Maybe it’s because I live in south Louisiana—a culture so dependent on its environment yet at the mercy of climate change—, or maybe it’s because I grew up in a secretly polluted forest, but I am drawn to ecological writing. Not “environmental” writing but ecological—poetry that understands the way systems operate, the entanglements of human and more-than-human connections. I love reading contemporary poets who write at the intersection of field poetics and ecological thinking, in both form and content: poetry that undoes the binaries of human / wilderness, pastoral / disturbance, sustainability / destruction, violence / intimacy, and the body / other. Vievee Francis’s award-winning collection Forest Primeval, published by TriQuarterly Books in 2016, feels like a fitting example of such poetics in its adoption of creative forms, poetic embodiment, and attention to the landscape of the American south.
Deft with language, daring with rhythm and form, Forest Primeval explores the stitch between violence and intimacy, using the speaker’s Black body and its surrounding Appalachian environment to exemplify to explore the wavering spaces between violence and intimacy, humanity and animality, and other expected binaries. These are poems of liminality, of intersectionality. They embody so much, creating an ecotonal space of overlap, if only for the moment it takes the eye to move across the page or the mouth to sound out each syllable.
We can think about the form of a poem as its body, and the page upon which it is written as the “field of the page” (to borrow a favorite term from Charles Olson), then we can consider the form in relation to content: our speaker’s body moving through a landscape is also a body in a field. We “needn’t position embodiment counter to poetry,” Scott Knickerbocker claims in Ecopoetics.
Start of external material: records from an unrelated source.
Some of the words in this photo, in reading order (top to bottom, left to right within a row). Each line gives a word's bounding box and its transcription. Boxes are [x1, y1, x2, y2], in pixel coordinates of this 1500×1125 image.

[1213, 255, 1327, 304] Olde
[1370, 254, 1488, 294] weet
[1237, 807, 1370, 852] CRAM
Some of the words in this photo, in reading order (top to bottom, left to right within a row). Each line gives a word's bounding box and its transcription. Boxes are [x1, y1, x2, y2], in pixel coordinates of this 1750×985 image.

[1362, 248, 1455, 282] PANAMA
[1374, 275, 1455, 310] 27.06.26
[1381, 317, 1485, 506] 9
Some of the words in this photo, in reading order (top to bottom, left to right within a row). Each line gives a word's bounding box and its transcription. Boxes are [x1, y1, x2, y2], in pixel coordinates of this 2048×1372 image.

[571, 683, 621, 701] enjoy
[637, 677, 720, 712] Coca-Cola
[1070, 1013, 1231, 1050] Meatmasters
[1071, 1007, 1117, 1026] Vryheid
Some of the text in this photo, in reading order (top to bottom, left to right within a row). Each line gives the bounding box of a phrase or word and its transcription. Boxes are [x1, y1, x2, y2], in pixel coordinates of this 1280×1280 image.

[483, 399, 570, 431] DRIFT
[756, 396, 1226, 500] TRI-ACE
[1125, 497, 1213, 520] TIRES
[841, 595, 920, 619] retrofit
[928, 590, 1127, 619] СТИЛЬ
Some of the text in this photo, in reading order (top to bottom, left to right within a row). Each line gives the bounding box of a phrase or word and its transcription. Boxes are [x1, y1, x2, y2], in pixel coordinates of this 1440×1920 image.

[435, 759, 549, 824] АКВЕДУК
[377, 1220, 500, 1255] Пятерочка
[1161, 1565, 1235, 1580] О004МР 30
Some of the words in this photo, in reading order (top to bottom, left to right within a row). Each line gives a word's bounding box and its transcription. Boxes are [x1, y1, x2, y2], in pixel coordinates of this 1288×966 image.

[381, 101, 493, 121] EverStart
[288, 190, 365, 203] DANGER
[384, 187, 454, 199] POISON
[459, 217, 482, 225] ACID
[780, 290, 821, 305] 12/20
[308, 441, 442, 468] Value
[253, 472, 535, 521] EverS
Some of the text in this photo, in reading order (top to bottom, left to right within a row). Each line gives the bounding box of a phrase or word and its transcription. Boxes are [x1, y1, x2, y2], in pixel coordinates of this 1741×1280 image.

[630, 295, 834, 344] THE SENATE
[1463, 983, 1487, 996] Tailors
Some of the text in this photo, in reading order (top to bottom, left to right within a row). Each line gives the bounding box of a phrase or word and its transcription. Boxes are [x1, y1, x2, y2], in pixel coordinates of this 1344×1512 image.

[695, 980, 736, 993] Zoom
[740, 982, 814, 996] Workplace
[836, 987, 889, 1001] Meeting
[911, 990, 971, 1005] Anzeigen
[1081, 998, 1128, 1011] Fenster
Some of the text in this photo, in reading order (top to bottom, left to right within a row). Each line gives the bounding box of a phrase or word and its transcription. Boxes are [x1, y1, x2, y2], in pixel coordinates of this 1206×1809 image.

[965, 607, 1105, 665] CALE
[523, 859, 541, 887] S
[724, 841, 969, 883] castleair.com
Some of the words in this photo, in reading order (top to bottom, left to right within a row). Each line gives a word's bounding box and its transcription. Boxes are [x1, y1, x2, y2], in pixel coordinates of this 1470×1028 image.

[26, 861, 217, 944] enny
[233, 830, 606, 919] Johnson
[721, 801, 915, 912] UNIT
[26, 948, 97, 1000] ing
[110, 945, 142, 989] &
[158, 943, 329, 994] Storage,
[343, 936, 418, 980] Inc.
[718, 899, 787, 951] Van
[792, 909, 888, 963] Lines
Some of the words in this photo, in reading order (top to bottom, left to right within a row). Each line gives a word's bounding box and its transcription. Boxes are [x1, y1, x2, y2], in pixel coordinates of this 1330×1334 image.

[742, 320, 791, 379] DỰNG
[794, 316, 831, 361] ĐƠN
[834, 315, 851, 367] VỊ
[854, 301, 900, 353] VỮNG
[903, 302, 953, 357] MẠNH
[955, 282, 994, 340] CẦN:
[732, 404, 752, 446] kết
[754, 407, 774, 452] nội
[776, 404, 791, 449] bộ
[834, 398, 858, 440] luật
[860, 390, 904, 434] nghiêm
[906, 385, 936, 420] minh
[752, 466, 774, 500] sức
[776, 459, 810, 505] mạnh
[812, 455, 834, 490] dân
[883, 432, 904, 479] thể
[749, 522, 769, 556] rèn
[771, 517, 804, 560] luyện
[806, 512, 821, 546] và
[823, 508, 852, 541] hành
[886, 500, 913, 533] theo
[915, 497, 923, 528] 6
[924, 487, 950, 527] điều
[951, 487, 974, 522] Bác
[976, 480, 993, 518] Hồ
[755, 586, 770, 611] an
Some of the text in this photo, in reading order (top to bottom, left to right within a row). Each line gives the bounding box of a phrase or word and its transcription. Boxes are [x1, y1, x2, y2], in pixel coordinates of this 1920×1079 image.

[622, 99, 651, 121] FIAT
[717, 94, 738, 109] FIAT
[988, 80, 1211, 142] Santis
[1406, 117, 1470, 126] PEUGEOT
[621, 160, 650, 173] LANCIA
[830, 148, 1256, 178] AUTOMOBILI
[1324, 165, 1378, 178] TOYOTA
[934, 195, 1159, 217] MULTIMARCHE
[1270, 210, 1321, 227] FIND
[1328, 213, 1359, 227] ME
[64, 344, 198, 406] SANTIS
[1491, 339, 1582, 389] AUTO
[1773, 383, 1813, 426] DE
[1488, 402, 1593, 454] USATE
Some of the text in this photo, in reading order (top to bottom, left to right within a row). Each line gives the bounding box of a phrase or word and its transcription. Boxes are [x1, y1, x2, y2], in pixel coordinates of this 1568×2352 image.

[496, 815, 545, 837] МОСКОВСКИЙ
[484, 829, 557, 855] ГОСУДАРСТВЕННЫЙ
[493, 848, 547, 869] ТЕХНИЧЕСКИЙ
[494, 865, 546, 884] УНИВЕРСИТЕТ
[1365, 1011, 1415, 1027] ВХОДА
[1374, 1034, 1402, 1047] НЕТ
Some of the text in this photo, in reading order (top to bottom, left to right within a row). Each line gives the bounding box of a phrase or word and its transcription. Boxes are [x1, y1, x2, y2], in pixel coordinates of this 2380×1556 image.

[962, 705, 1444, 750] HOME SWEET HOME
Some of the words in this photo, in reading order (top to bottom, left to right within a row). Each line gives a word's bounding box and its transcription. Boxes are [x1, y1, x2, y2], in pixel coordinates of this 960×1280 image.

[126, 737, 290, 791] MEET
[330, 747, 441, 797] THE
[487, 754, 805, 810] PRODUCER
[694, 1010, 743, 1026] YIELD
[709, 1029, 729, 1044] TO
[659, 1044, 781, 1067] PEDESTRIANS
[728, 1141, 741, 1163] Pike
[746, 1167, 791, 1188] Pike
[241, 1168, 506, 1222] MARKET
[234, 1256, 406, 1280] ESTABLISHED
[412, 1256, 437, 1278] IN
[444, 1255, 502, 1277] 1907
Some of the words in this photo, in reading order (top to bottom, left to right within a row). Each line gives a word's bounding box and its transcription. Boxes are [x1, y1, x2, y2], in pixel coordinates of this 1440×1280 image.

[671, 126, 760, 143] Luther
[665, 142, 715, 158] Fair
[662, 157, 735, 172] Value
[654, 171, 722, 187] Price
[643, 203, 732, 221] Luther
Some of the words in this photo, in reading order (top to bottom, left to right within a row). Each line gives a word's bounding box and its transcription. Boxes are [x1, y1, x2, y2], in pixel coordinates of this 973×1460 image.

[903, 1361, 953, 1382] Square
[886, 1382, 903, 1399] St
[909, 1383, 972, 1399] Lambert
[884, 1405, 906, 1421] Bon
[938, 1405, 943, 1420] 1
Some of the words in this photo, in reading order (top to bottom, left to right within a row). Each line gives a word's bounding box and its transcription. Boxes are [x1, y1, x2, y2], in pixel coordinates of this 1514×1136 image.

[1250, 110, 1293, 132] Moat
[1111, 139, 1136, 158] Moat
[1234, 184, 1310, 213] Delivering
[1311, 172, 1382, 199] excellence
Francis’s speaker often embodies not only pain, but also story, music, the past, and the future. Poems like “A Song on the Ridge” stretch across the page, describing the self and the environment through vivid descriptions that highlight insecurities, disparities, and the fallacy of the binary. “A Song on the Ridge” uses repetition, rhythm, and rhyme to create its own contrapuntal form while paying homage to the blues. Each line of description is followed by the same refrain after a brief caesura. Each line is double-spaced. The formal effect is that the first ten lines of the poem appear to move down the page in two distinct columns before they break into a less-stable format for the final five lines:
I was a spinner and a speller, a seller and deceiver back on the Ridge
I was a thief and the theft, a weaver and the weft back on the Ridge
A tiller and a teller, a sipper and a slipper back on the Ridge
The list of verbs used to describe the speaker embodies paradox and multitudes: she is both “thief” and “theft,” implying that she has both stolen and been stolen. Criminal and victim. Aggressive and passive. History, the poem reminds us, lives in our bodies.
The poem begins to turn in its third line when the descriptors of the self turn to nouns rather than verbs. Our speaker becomes “the secret and the spill, a spider and the wound,” not only interrupting the syntactical pattern but breaking from the rhyme scheme as well. This aural shift draws our attention to the final word: “wound.” To have been a wound is to embody pain, to accept a disturbance, a moment of being un-done. It’s to trust in healing: futurity, perhaps with a scar.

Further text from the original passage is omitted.